Current capacity is 29,500. Arranged in two tiers, the stadium comprises the Fondos Sur and Norte behind each goal, and Tribuna and Tribuna Presidencial along each sideline.

La Rosaleda is a 20-minute walk along the dried-up Guadalmedina from town. Bus No.15 has a stop at Avenida de la Palmilla/Campo de Futbol but doesn’t go via anywhere downtown. The No.2 runs from focal Alameda Principal to stop just the other side of the river from the stadium at two Jorge Silvela stops at either end of the arena. Here also, the Fray Domingo Pimentel stop is served by Nos.C2, 26 and 30.

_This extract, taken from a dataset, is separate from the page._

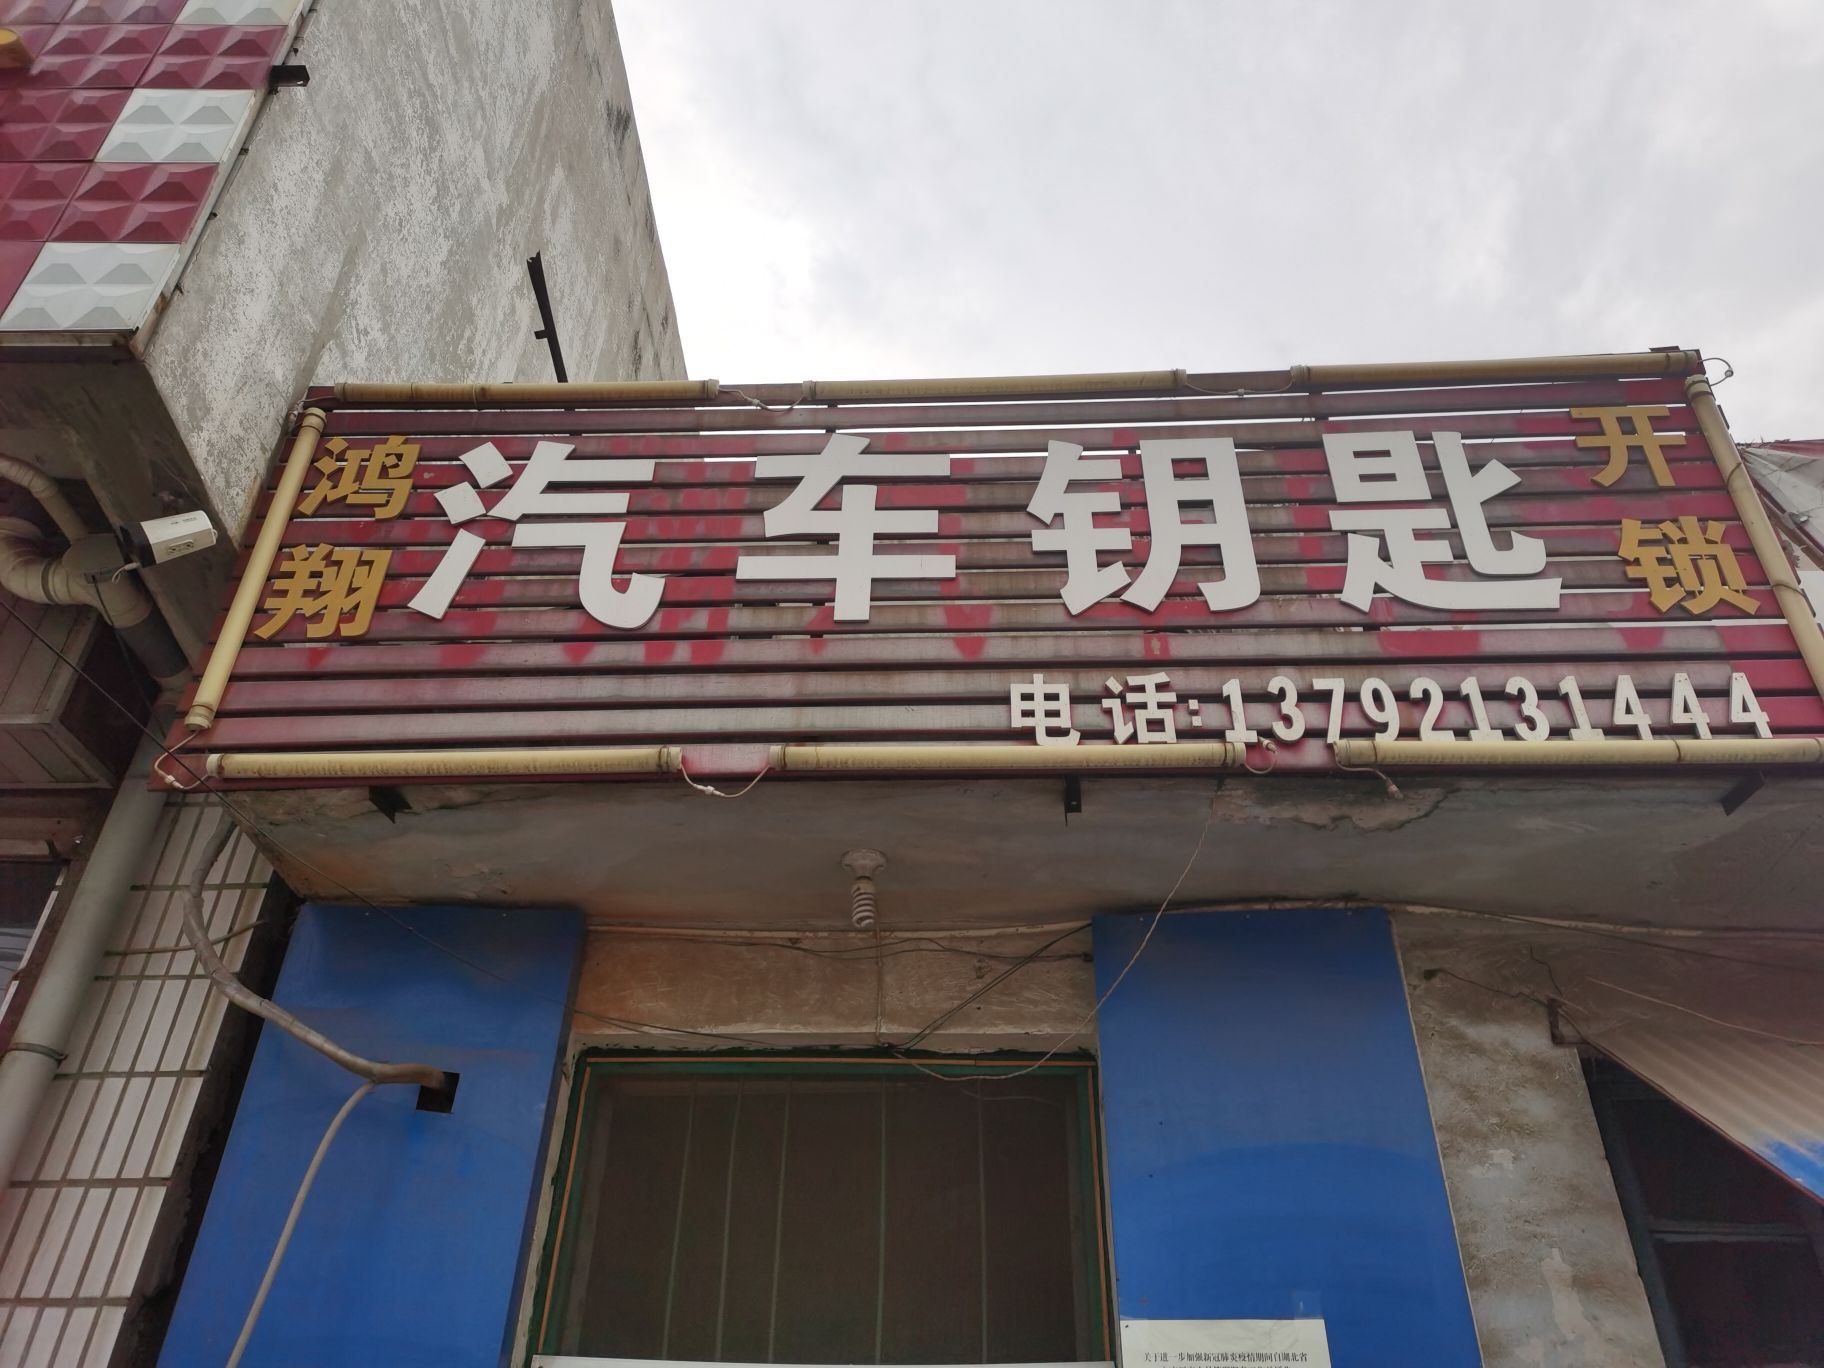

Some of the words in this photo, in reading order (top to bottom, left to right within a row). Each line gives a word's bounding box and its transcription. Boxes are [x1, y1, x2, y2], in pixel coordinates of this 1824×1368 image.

With a relatively modest capacity, tickets at the cheaper end are quite scarce. Most in the €35-€40 bracket in the Fondos behind the goal will probably be snapped up. Seats in the Tribuna along the sideline are priced 1-4 according to view, from €45-€90. The Preferencia is priced at around €60.

There are ticket offices for the Tribuna/Gol by the club shop at the south-west corner, and for the Preferencia/Gol at the south-east corner nearest the river. Advance tickets also sold via Ticketmaster who offer discounts for early purchases and at the club shop, La Tienda Oficial (Mon-Sat 10am-2pm, 4.30pm-8.30pm and 3hrs before kick-off) at the south-west corner of the stadium between the Tribuna and Gol stands.


Trophies, a timeline through club history and shirts through the ages in the museum are complemented by visits to the dressing rooms, the dug-out and the stadium itself, part of stadium tours (€8 adults, €4 under-18s) that take place Mon-Wed 10am-7pm, Tue-Sat 3pm-7pm.

Bars and kiosks surround the stadium. In the immediate vicinity, on the south-east corner, you’ll find the Bars Nataly and Rosaleda, as well as a number of mobile bars where fans gather before and after the game. If packed, there are a couple of venues across the river on the approach to the ground, along Calle Actriz Rosario Pino: the Cafeteria Oasis and the Meson Segalerva.